Children as young as eight being recruited by criminal gangs to deliver drugs and collect debts

Children as young as eight being recruited by criminal gangs to deliver drugs and collect debts

Report found about 1,000 young people under the age of 17 are at risk of being recruited and used by criminal networks for the purpose of organised crime.

Children as young as eight being criminally exploited and intimidated to deliver drugs and collect debts is a lived reality for many families across Ireland, it has been claimed.

Mecpaths, which works to counter child-trafficking, said all organisations working directly with young people must be alert to the signs of exploitation of children.

It made the plea in the wake of the publication of a Garda Inspectorate report which highlighted that children as young as eight years old are being exploited by criminal networks. The report said such exploitation “typically follows a grooming process where they are gradually coerced into criminal exploitation". 

This typically involves the manipulation, coercion, trafficking and exploitation of children and young people for many purposes such as drug-dealing, child-trafficking and sexual exploitation.

Mecpaths network and communications manager JP O’Sullivan said the report highlighted what the organisation has been hearing in communities.
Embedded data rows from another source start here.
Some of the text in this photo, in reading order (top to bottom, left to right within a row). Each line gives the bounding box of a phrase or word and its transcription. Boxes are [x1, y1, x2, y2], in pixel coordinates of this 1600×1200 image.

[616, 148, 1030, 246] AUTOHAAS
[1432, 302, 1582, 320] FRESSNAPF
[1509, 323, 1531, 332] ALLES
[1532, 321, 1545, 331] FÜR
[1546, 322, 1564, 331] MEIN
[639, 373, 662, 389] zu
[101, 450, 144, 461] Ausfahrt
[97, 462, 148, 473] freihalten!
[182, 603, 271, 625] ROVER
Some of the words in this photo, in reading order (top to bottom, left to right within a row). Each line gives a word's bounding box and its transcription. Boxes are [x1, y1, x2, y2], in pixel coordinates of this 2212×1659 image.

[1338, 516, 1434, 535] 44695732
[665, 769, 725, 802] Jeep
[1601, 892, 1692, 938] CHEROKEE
"The recognition that children as young as eight are being criminally exploited and intimidated to deliver drugs and collect debts may seem far removed or far-fetched for anyone not familiar with the field of child-trafficking in Ireland, but it is a lived reality for many children and many families across Ireland," he said.
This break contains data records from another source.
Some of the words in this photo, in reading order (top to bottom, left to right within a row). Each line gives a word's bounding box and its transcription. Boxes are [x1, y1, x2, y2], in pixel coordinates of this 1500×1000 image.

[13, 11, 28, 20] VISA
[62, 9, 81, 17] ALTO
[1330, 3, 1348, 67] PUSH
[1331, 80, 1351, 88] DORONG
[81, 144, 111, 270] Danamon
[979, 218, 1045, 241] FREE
He said over the past eight years, the area of child criminal exploitation had been extending its reach from beyond urban settings to communities, villages and towns around the country.
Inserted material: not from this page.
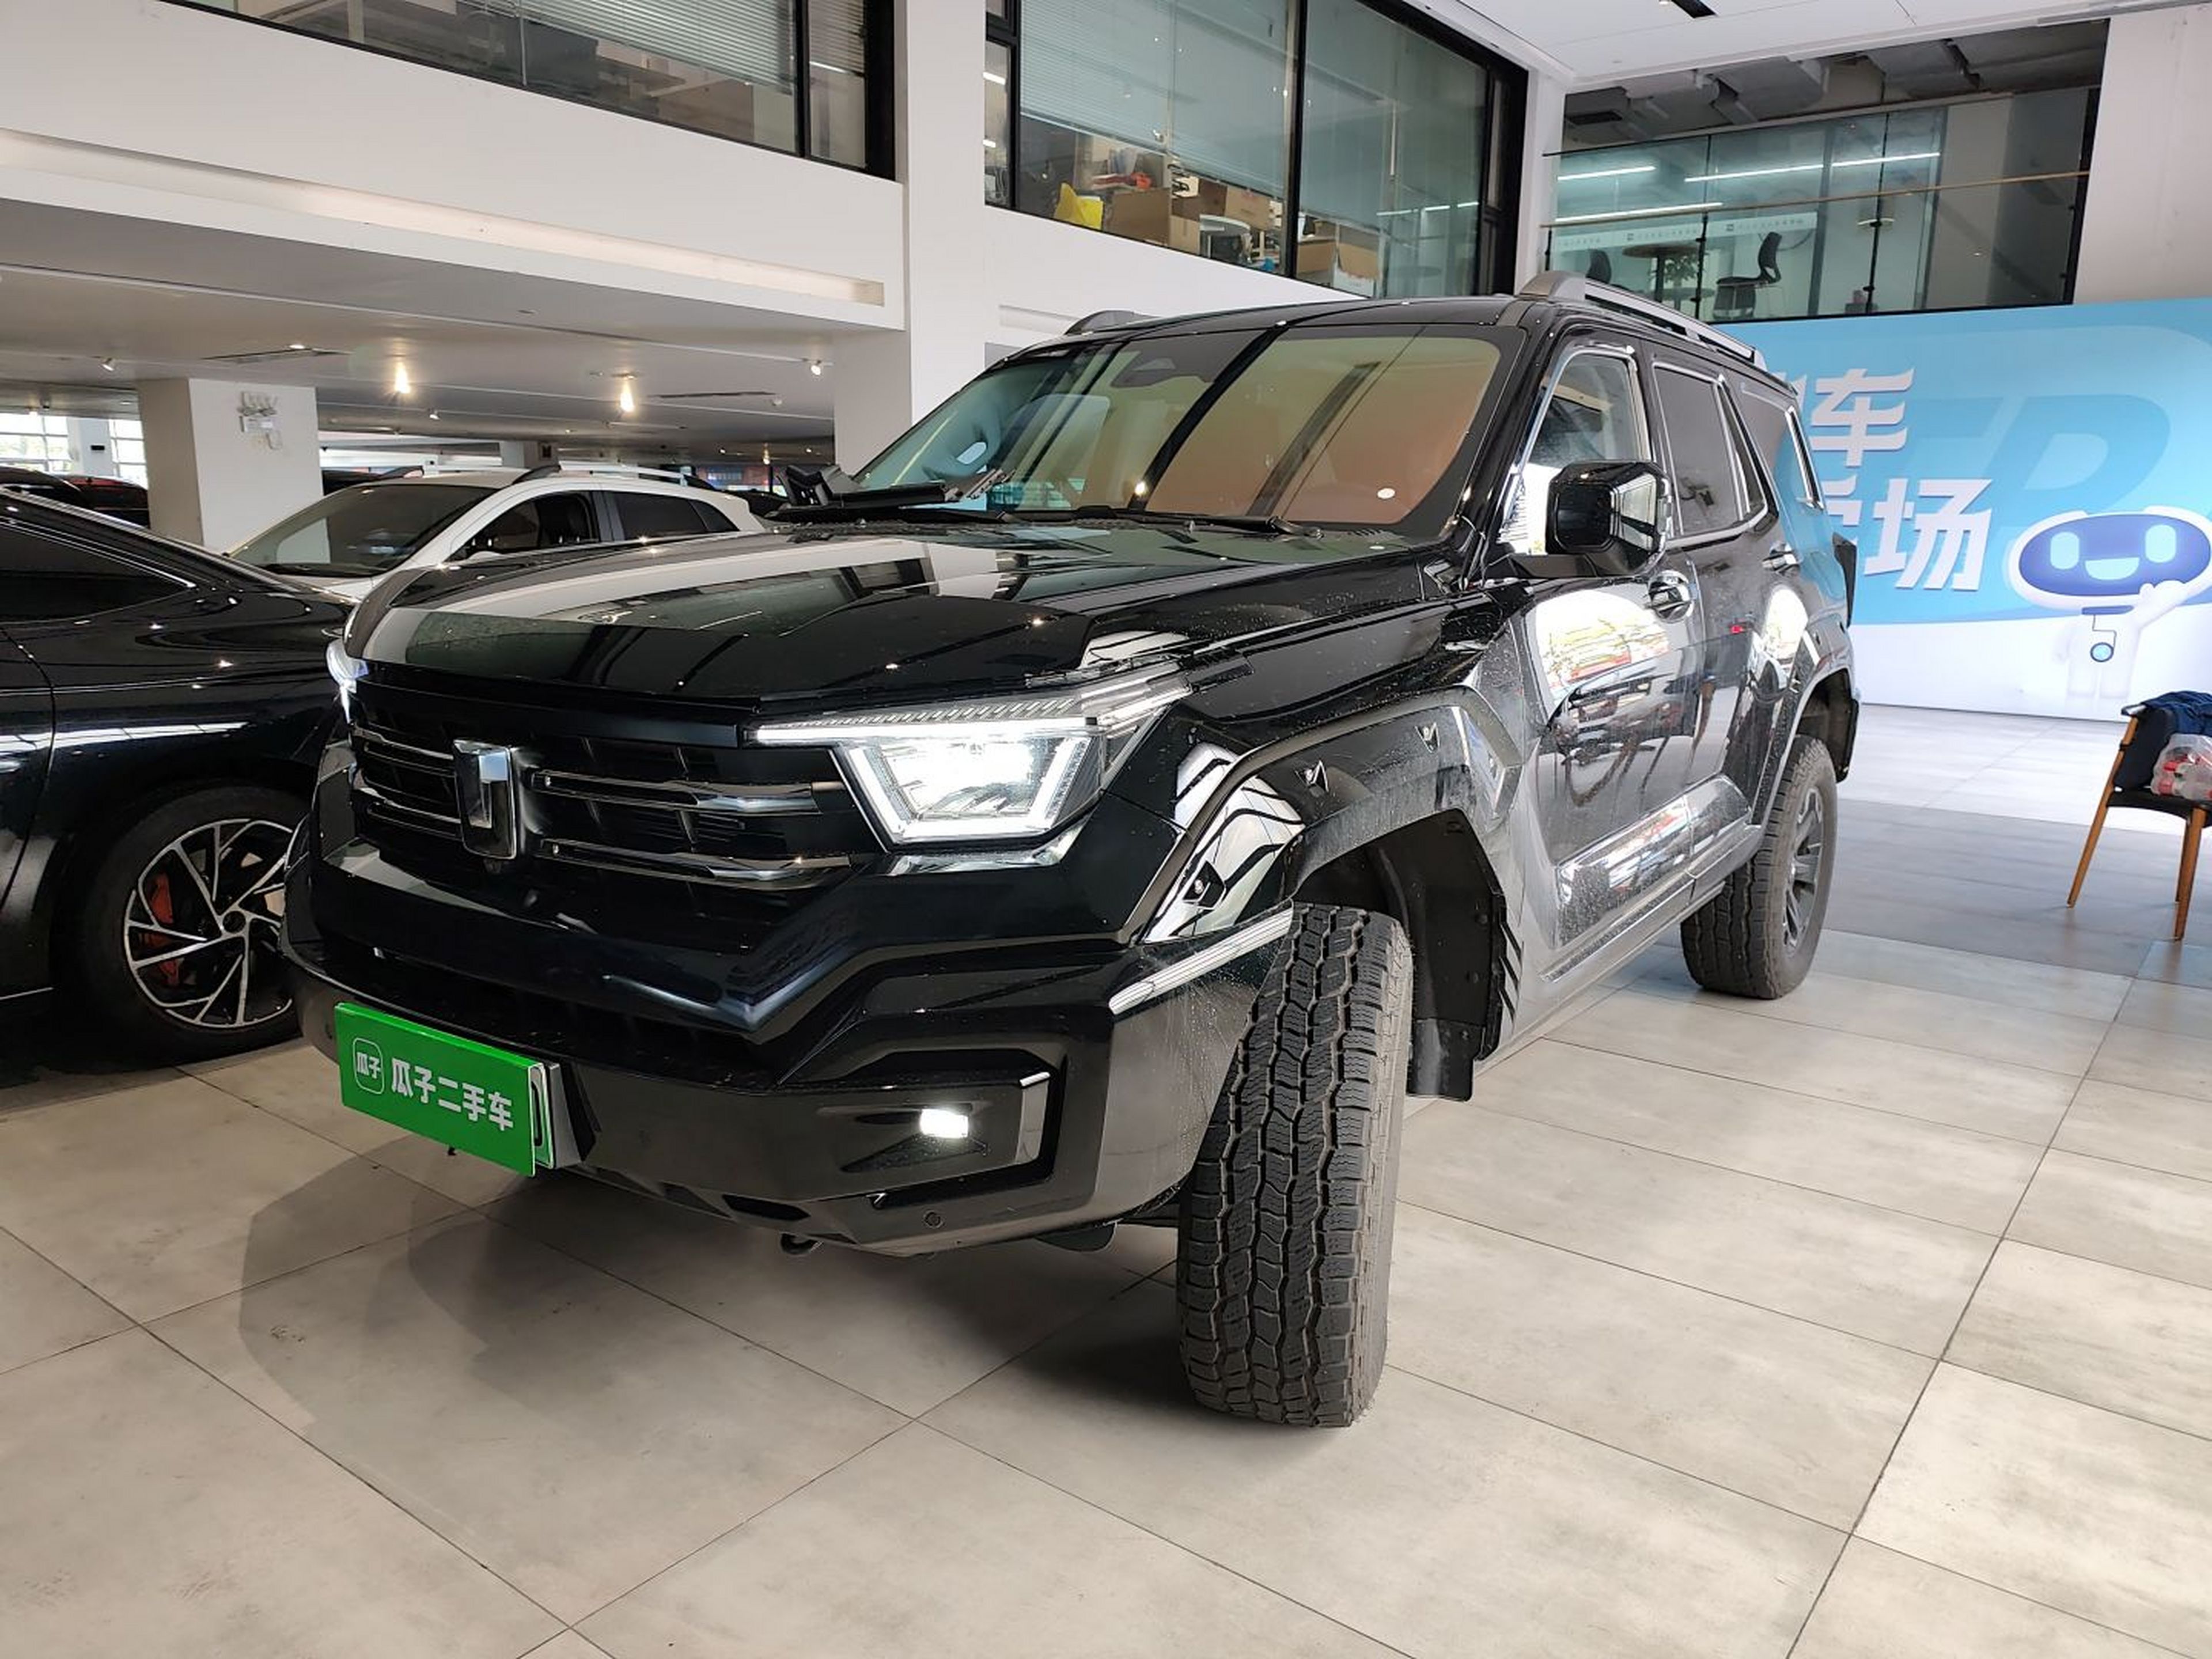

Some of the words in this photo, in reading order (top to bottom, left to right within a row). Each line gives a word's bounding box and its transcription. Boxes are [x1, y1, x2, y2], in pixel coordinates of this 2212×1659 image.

“Many community stakeholders call for a shift in Garda training to recognize signs of child exploitation within criminal networks. Mecpaths calls for this lens-shift across all organisations working directly with young people — to recognise victimhood, to see the exploitation, to change the language of 'criminality' and 'offending' and to see the child that stands behind the presenting behaviour." 

The Garda Inspectorate report revealed a survey of garda juvenile liaison officers found about 1,000 young people under the age of 17 are at risk of being recruited and used by criminal networks for the purpose of organised crime.

On Monday, Mecpaths launched a network of concerned professionals across the country to respond to child trafficking.

Mr O’Sullivan said: “Membership stretches from the north-inner city of Dublin to rural pockets and communities in Kerry. North, south, east and west. The experiences of social workers, youth workers and community workers echo the disturbing reality of this growing pandemic of child exploitation."

“Realities would demonstrate that not only do few adults self-identify as victims of criminal exploitation at the hands of these groups, but children, as victims, rarely self-identify — lured into criminality with the promise of the tracksuit, the money, the status, the connection and the visibility which many of them do not receive from elsewhere."